DATA
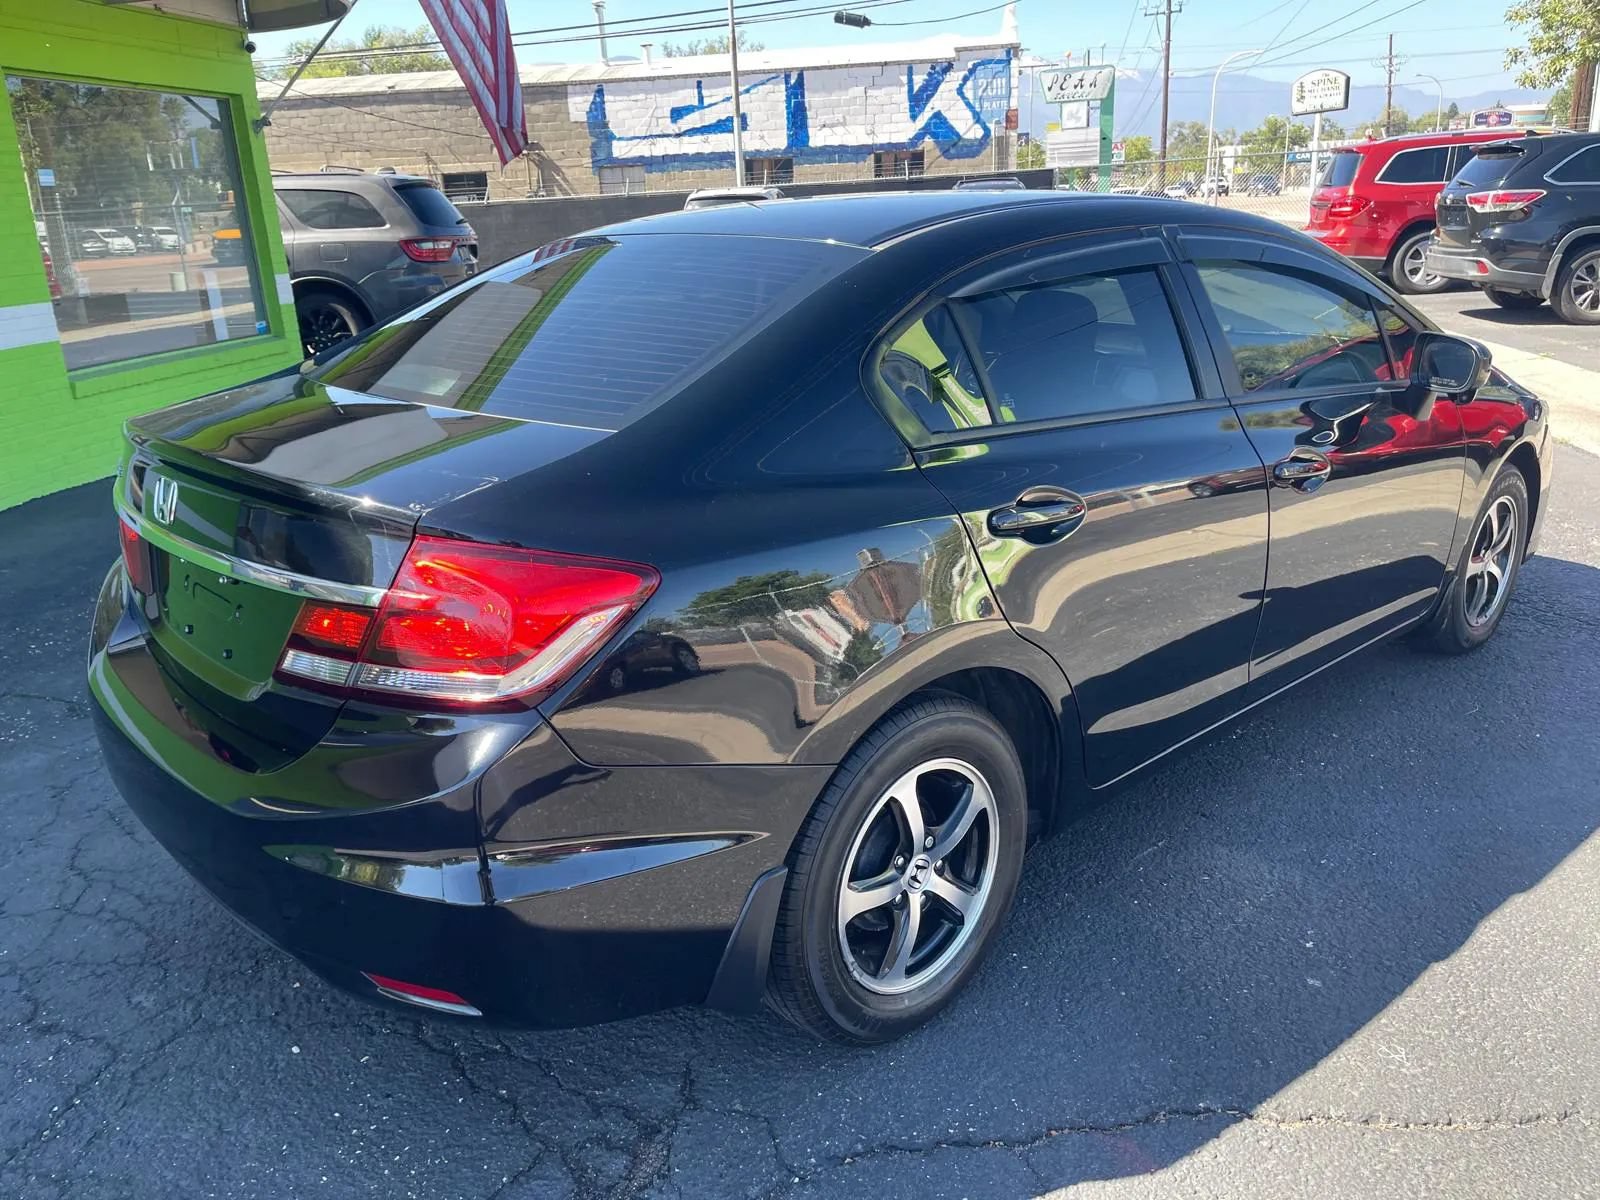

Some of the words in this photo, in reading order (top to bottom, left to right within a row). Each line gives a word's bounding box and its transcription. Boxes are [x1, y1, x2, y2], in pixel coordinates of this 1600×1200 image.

[978, 78, 1006, 96] 2011
[1311, 77, 1340, 87] SPINE
[984, 101, 1009, 110] PLATTE
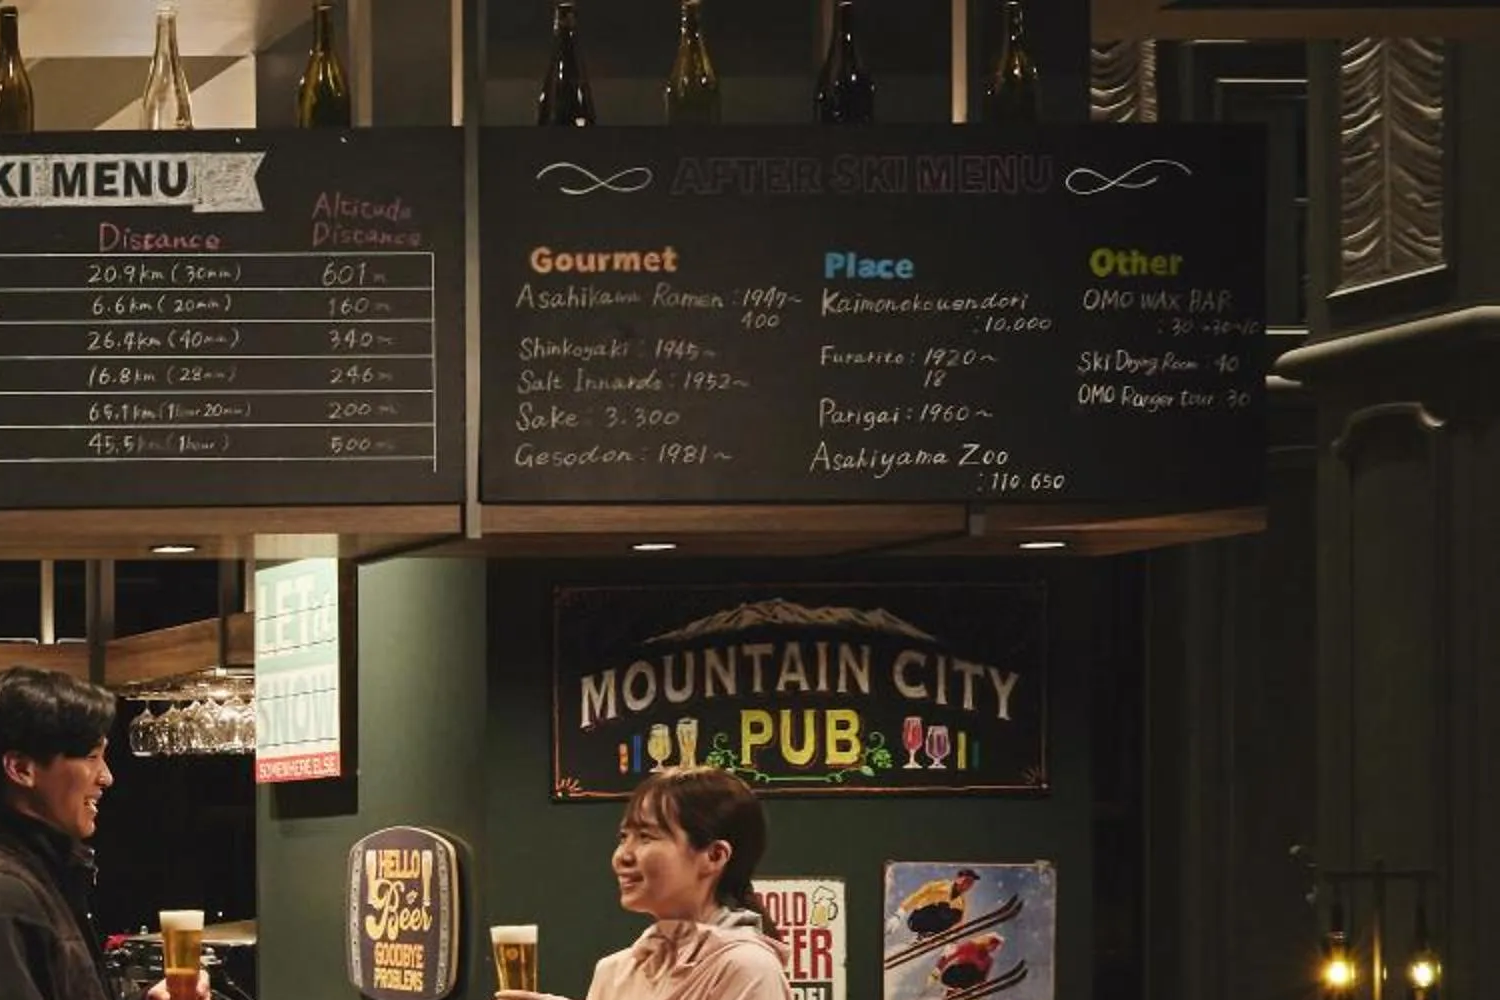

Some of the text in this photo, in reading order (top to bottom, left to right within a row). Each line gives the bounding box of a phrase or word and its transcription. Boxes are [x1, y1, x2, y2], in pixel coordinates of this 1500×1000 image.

[53, 161, 189, 198] MENU
[669, 153, 1054, 195] AFTER SKI MENU
[99, 222, 222, 251] Distance
[311, 221, 422, 247] Distance
[530, 246, 679, 273] Gourmet
[823, 252, 915, 280] Place
[1088, 247, 1184, 278] Other
[958, 443, 1011, 467] Zoo
[579, 641, 1022, 729] MOUNTAIN CITY
[738, 708, 864, 767] PUB
[377, 849, 422, 879] HELLO
[365, 879, 433, 940] Beer
[373, 942, 426, 969] GOODBYE
[373, 967, 425, 993] PROBLEMS
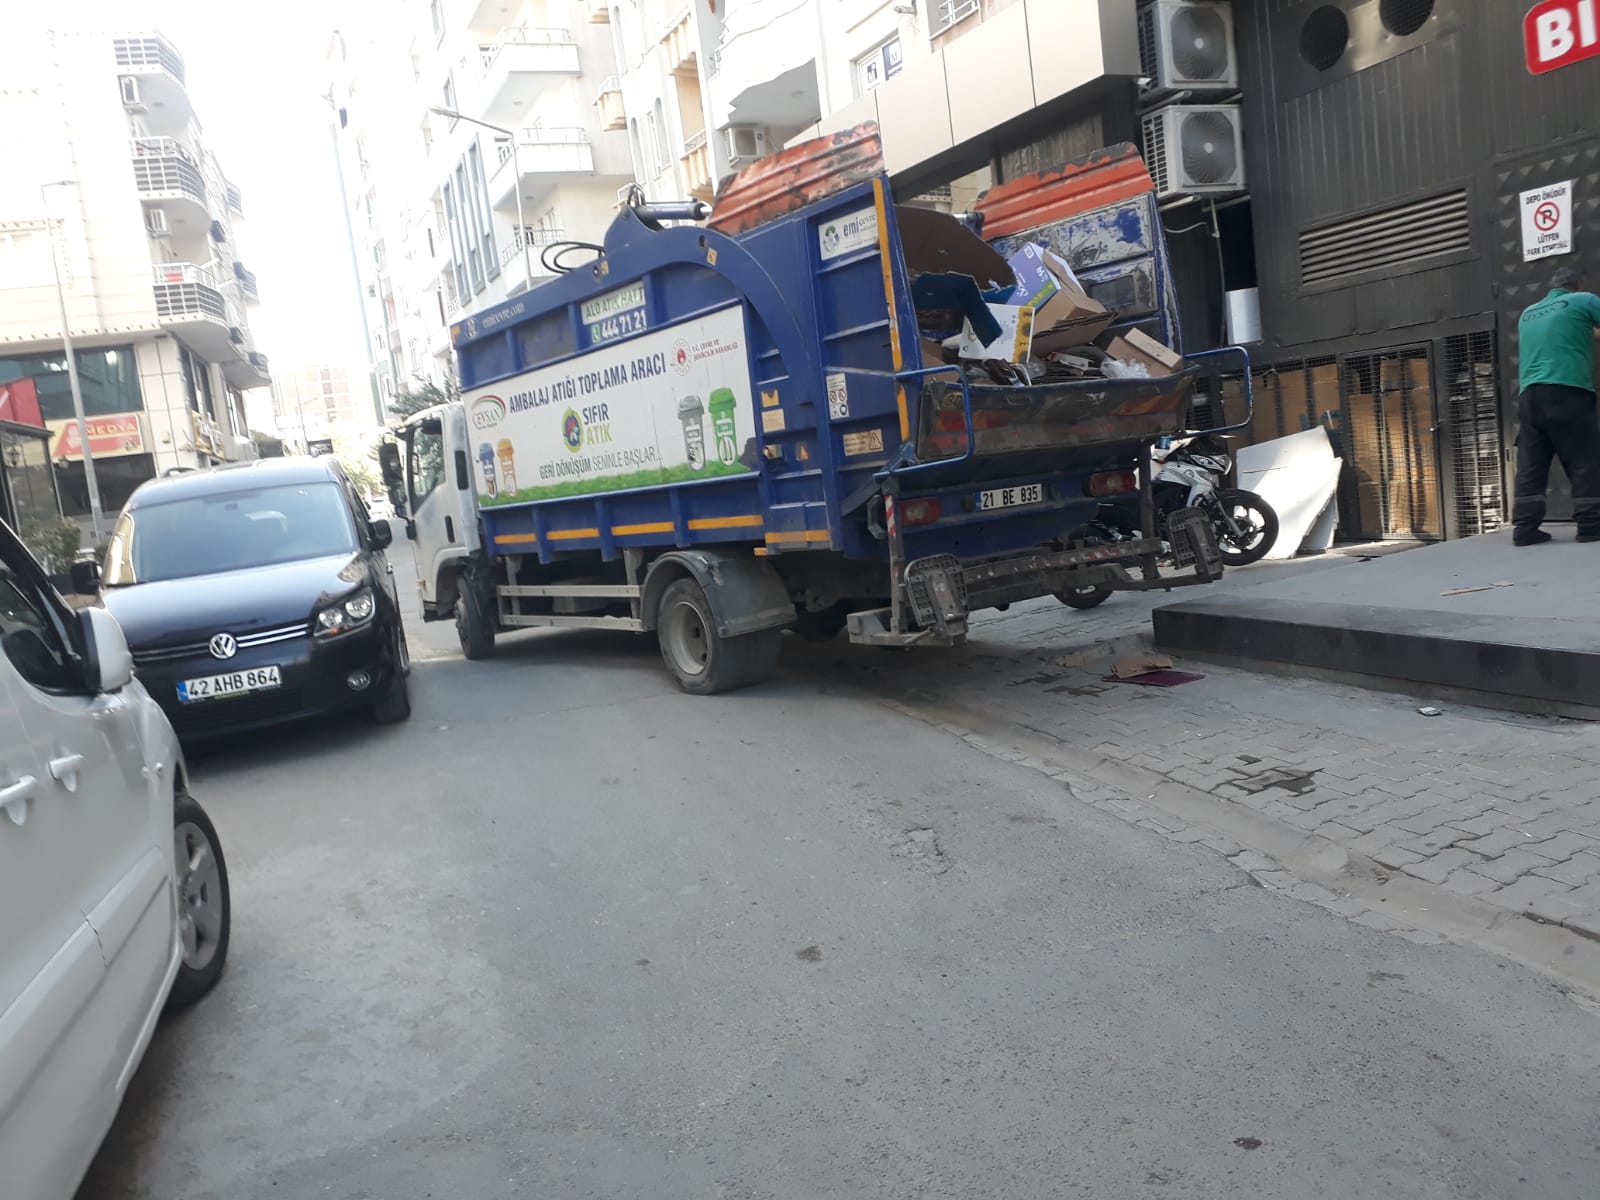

ACTIVITY
The expected output is every line of the data, unchanged, with the pictures skipped.

COMPLETED TASK
Some of the words in this photo, in reading order (top to bottom, left to right within a row). Each line gives a word's bounding box and its transcription. Boxes are [x1, y1, x2, y2], in pixel coordinates of this 1600×1200 image.

[978, 78, 1006, 96] 2011
[1311, 77, 1340, 87] SPINE
[984, 101, 1009, 110] PLATTE

Some of the text in this photo, in reading order (top to bottom, left to right within a row). Each line gives the bounding box of a phrase or word and its transcription. Boxes are [x1, y1, x2, y2], in pixel coordinates of this 1500×1000 image.

[53, 161, 189, 198] MENU
[669, 153, 1054, 195] AFTER SKI MENU
[99, 222, 222, 251] Distance
[311, 221, 422, 247] Distance
[530, 246, 679, 273] Gourmet
[823, 252, 915, 280] Place
[1088, 247, 1184, 278] Other
[958, 443, 1011, 467] Zoo
[579, 641, 1022, 729] MOUNTAIN CITY
[738, 708, 864, 767] PUB
[377, 849, 422, 879] HELLO
[365, 879, 433, 940] Beer
[373, 942, 426, 969] GOODBYE
[373, 967, 425, 993] PROBLEMS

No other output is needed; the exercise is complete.